Peruvian onions enter the market at the end of July and remain available until the end of January. The country’s varied geography makes the climate pretty diverse, allowing growers with land throughout the country to have long harvest seasons.
Roberto Monge Vargas, commercial director of KeyPeru says: “We begin harvesting our sweet yellow onions at the end of June in Ica, which is south of Lima, and in Olmos which is in the north of the country, about 300-400 kilometers below Ecuador. Then, at the end of November we begin harvesting north of Lima and in the central coastal areas. Because of the variety in the weather here, we are able to supply onions for six months of the year.”
The Peruvian harvests have suffered in the past two years because of El Niño, which made the yields very unpredictable and left the onions smaller than usual. About this year’s harvest, Roberto comments: “We have been having a colder and longer winter than usual this year, but this has been good for the onions. So far the volumes have been good and the onions are returning to their regular sizes. In general, this year has normal volumes and the crop has an average quality but we are regaining stability: our crop is recovering and returning to normal after the turbulence caused by the El Niño weather.
The United States is one of the main markets for Peruvian onions and the Peruvian crop usually arrives just as the U.S. finishes with their domestic crop. Roberto says: “KeyPeru works with suppliers in the U.S. and also directly supplies to retailers there. This year the transition between the domestic and the imported crops in the U.S. has been smooth and we are seeing good demand. This means that the markets in the U.S. are not yet fully saturated. This is one of our main markets, but it is also one of our main competitors. Their local production is in strong competition with us, so we have to wait for the local season to end before we can begin exporting our crop.”
The same situation happens with their export to Europe. Roberto explains: “We export to countries like the Netherlands and Spain in Europe and have a strategic agreement with a company specialized in onions and garlic.
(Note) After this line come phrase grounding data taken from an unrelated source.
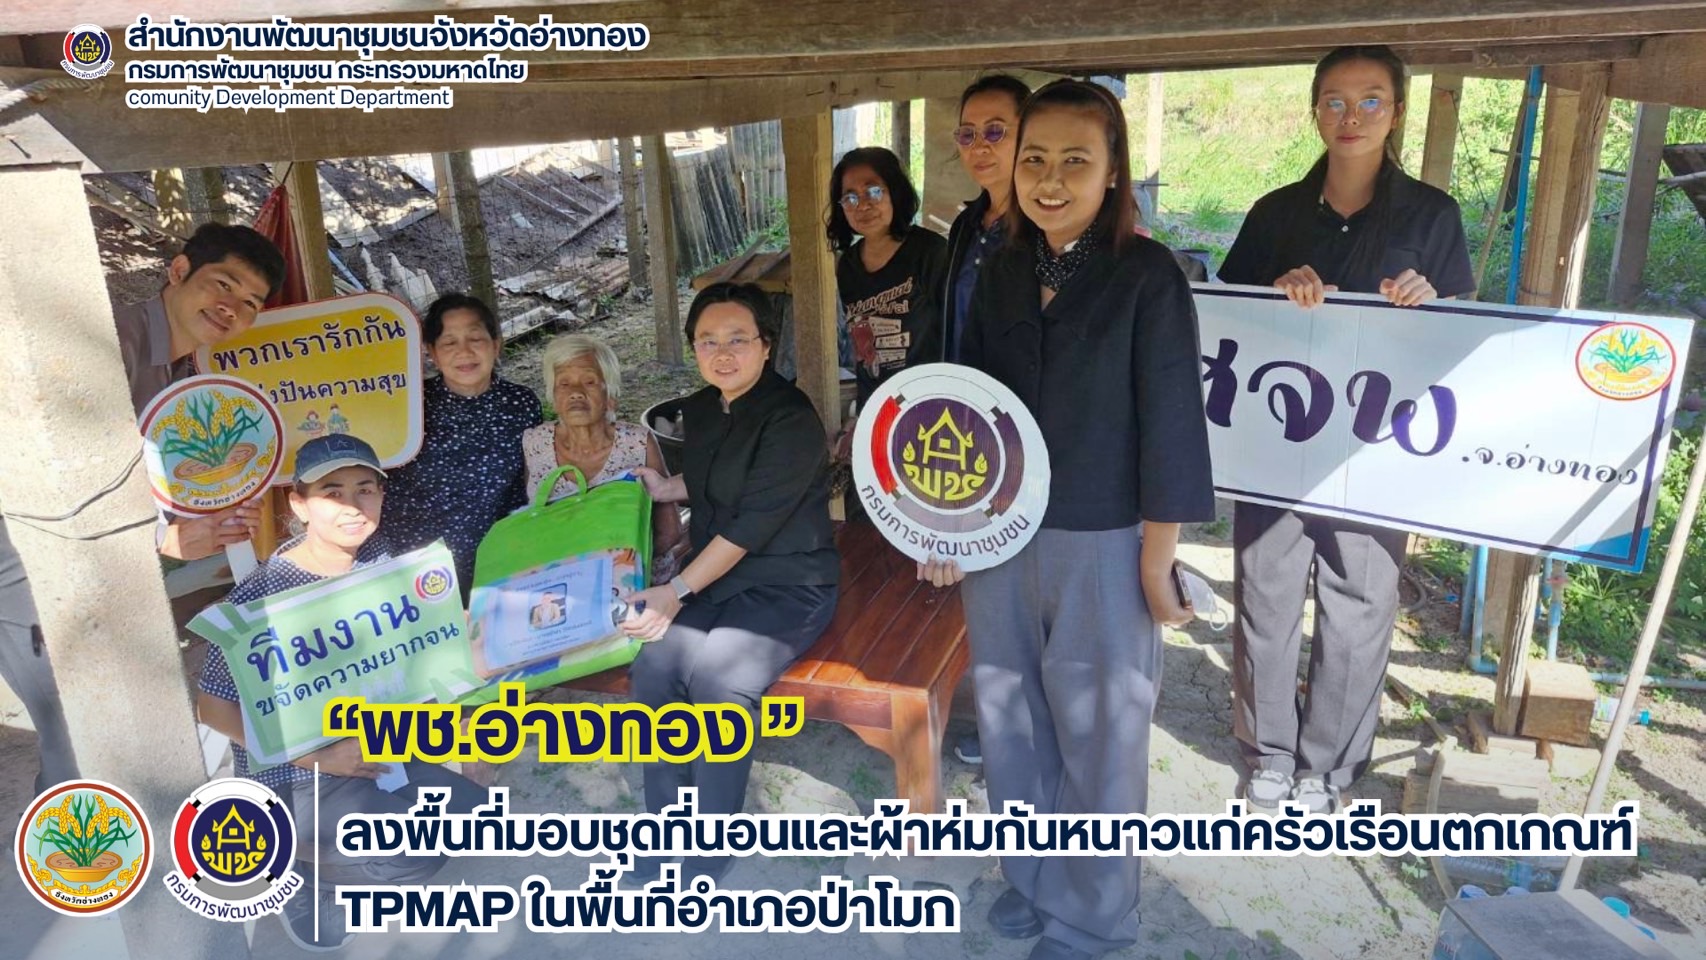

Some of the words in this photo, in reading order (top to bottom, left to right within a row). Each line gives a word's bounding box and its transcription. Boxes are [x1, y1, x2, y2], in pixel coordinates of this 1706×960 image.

[212, 315, 407, 372] พวกเรารักกัน
[258, 372, 407, 404] ่งปันความสุข
[861, 484, 1031, 557] กรมการพัฒนาชุมชน
[246, 594, 421, 683] ทีมงาน
[255, 621, 460, 717] ขจัดความยากจน
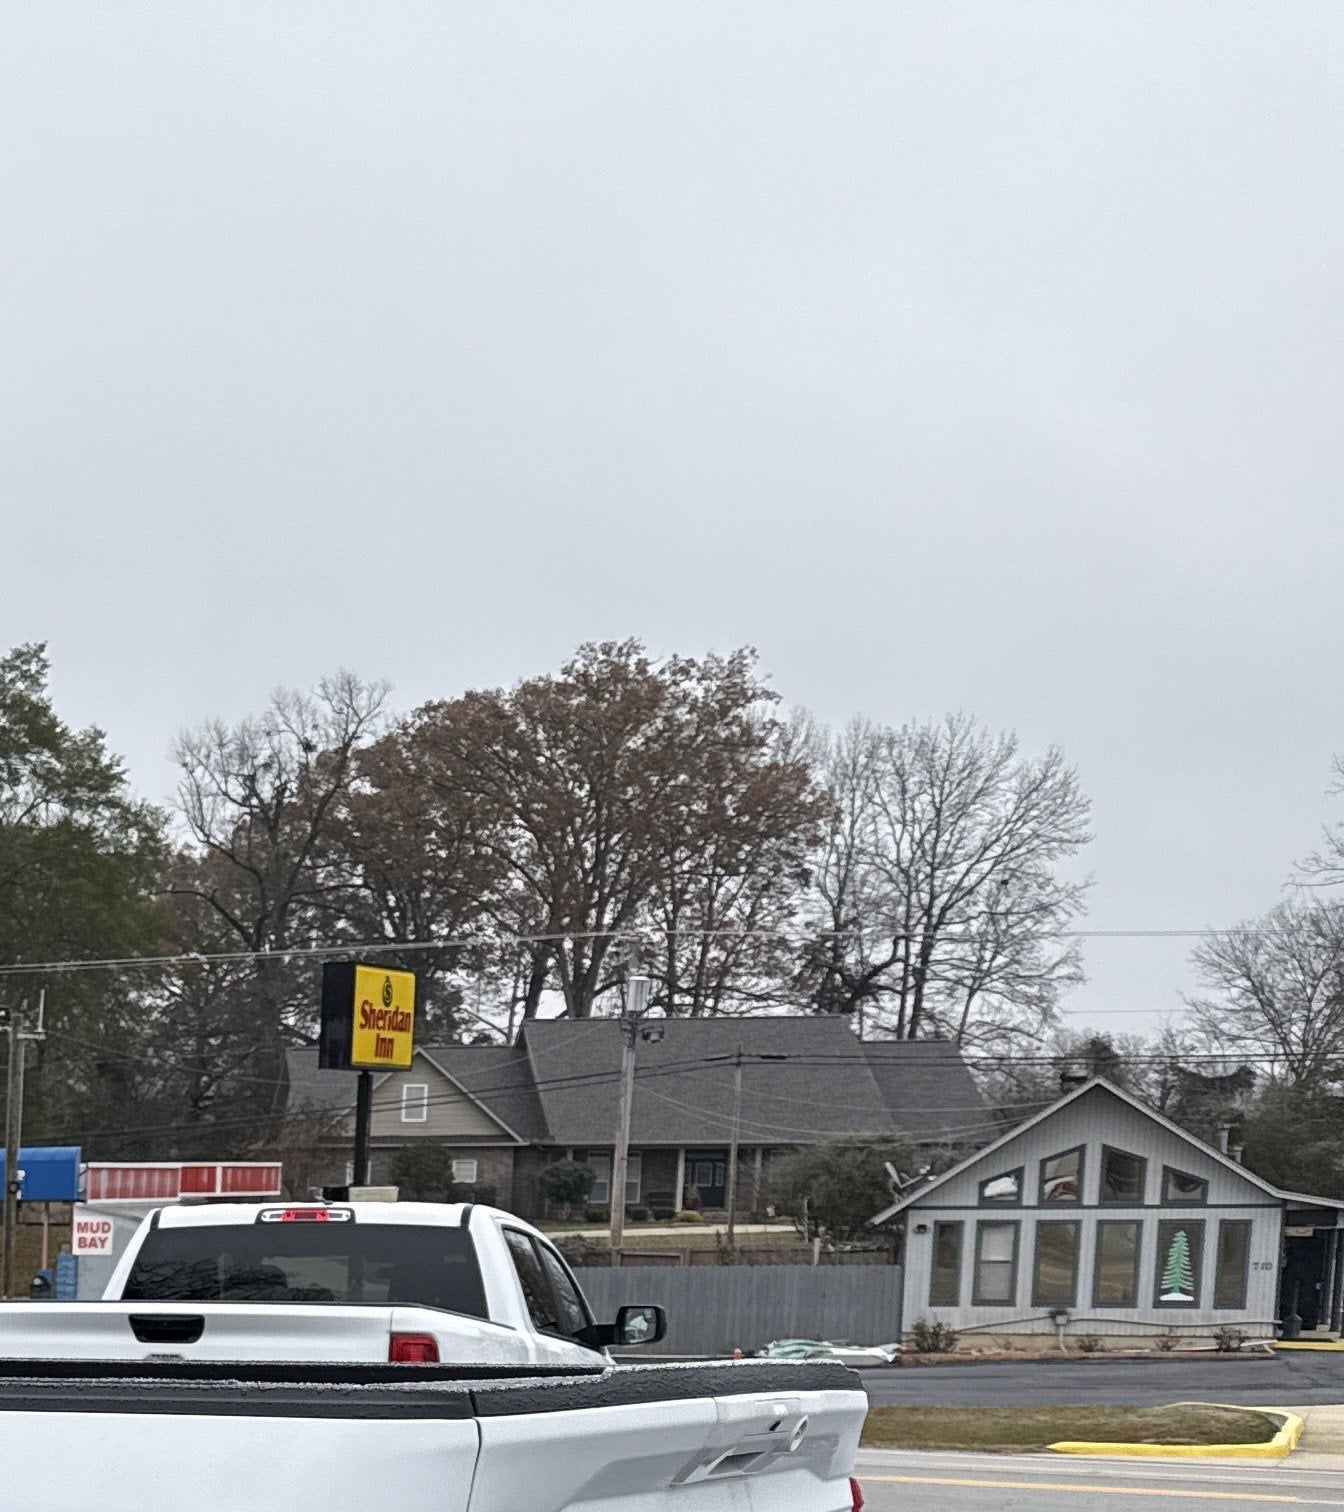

We are the supplier when the European countries aren’t producing their own product. This means we have to avoid arriving with our crop while their local production is still ongoing.”
Of future markets, Roberto says: We would like to expand our reach into Asia since we have a direct connection: the Pacific Ocean. Logistically, exporting to Asia would be very desirable for us.”
There is also demand closer to home, Robert claims, saying: “There are regional markets that are looking for onions in Chile, Colombia and Argentina, and there is some central American countries as well. These countries are looking towards Peru to supply them.”
The company also supplies onions domestically, working together with the major Peruvian supermarket chain Tottus, as well as supplying to some food service companies that process the onions into caramelized onions or pre-chopped packages.
The company is in the process of testing more than 30 different varieties of white, sweet yellow, red, and purple onions, working with seeds of different types to see what will grow best in their climate.
“The current varieties are showing lower yields than previous years. Right now, the crop still has good quality but we are working hard to ensure that in the future our company will continue to deliver quality crops. Along with food safety and social certifications like GlobalGap and SMETA, we focus on sustainability and have been certified with the Rainforest Alliance for over a decade. We don’t just grow onions, but we also focus on the social and environmental impact our company makes, and how we can continue to improve,” Roberto concludes.